• Exercise instructions:
Each entry that appears below should be restated word for word.

(Dataset entries)
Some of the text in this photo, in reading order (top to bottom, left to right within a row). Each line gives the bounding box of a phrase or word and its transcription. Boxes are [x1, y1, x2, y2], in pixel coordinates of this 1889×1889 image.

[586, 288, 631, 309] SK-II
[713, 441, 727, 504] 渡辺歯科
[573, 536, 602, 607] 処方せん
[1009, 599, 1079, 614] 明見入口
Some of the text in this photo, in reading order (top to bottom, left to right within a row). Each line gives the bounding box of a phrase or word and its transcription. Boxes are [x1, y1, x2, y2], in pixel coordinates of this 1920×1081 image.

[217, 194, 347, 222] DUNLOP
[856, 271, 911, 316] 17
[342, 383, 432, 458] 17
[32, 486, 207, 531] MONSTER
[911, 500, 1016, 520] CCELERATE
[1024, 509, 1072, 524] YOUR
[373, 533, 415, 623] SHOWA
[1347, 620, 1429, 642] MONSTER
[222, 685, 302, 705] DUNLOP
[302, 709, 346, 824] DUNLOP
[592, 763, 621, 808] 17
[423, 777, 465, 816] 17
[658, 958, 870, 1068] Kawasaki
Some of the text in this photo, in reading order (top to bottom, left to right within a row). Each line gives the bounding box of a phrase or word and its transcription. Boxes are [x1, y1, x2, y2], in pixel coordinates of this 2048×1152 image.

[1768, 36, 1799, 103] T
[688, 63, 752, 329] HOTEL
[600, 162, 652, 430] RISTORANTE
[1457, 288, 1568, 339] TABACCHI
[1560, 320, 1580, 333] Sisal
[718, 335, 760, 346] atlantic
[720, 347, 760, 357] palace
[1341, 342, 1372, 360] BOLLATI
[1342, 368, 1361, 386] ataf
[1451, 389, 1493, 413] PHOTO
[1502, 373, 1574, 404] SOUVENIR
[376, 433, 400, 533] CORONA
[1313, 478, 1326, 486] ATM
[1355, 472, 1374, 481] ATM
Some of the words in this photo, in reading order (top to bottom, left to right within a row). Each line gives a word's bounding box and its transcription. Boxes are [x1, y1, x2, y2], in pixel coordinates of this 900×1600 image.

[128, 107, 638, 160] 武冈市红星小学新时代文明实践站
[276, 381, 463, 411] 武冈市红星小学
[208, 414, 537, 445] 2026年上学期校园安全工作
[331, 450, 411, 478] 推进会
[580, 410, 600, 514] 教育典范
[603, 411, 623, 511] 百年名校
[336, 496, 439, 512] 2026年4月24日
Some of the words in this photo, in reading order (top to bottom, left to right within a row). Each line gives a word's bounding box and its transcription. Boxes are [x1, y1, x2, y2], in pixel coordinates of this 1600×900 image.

• Response box:
Some of the text in this photo, in reading order (top to bottom, left to right within a row). Each line gives the bounding box of a phrase or word and its transcription. Boxes are [x1, y1, x2, y2], in pixel coordinates of this 1889×1889 image.

[586, 288, 631, 309] SK-II
[713, 441, 727, 504] 渡辺歯科
[573, 536, 602, 607] 処方せん
[1009, 599, 1079, 614] 明見入口
Some of the text in this photo, in reading order (top to bottom, left to right within a row). Each line gives the bounding box of a phrase or word and its transcription. Boxes are [x1, y1, x2, y2], in pixel coordinates of this 1920×1081 image.

[217, 194, 347, 222] DUNLOP
[856, 271, 911, 316] 17
[342, 383, 432, 458] 17
[32, 486, 207, 531] MONSTER
[911, 500, 1016, 520] CCELERATE
[1024, 509, 1072, 524] YOUR
[373, 533, 415, 623] SHOWA
[1347, 620, 1429, 642] MONSTER
[222, 685, 302, 705] DUNLOP
[302, 709, 346, 824] DUNLOP
[592, 763, 621, 808] 17
[423, 777, 465, 816] 17
[658, 958, 870, 1068] Kawasaki
Some of the text in this photo, in reading order (top to bottom, left to right within a row). Each line gives the bounding box of a phrase or word and its transcription. Boxes are [x1, y1, x2, y2], in pixel coordinates of this 2048×1152 image.

[1768, 36, 1799, 103] T
[688, 63, 752, 329] HOTEL
[600, 162, 652, 430] RISTORANTE
[1457, 288, 1568, 339] TABACCHI
[1560, 320, 1580, 333] Sisal
[718, 335, 760, 346] atlantic
[720, 347, 760, 357] palace
[1341, 342, 1372, 360] BOLLATI
[1342, 368, 1361, 386] ataf
[1451, 389, 1493, 413] PHOTO
[1502, 373, 1574, 404] SOUVENIR
[376, 433, 400, 533] CORONA
[1313, 478, 1326, 486] ATM
[1355, 472, 1374, 481] ATM
Some of the words in this photo, in reading order (top to bottom, left to right within a row). Each line gives a word's bounding box and its transcription. Boxes are [x1, y1, x2, y2], in pixel coordinates of this 900×1600 image.

[128, 107, 638, 160] 武冈市红星小学新时代文明实践站
[276, 381, 463, 411] 武冈市红星小学
[208, 414, 537, 445] 2026年上学期校园安全工作
[331, 450, 411, 478] 推进会
[580, 410, 600, 514] 教育典范
[603, 411, 623, 511] 百年名校
[336, 496, 439, 512] 2026年4月24日
Some of the words in this photo, in reading order (top to bottom, left to right within a row). Each line gives a word's bounding box and its transcription. Boxes are [x1, y1, x2, y2], in pixel coordinates of this 1600×900 image.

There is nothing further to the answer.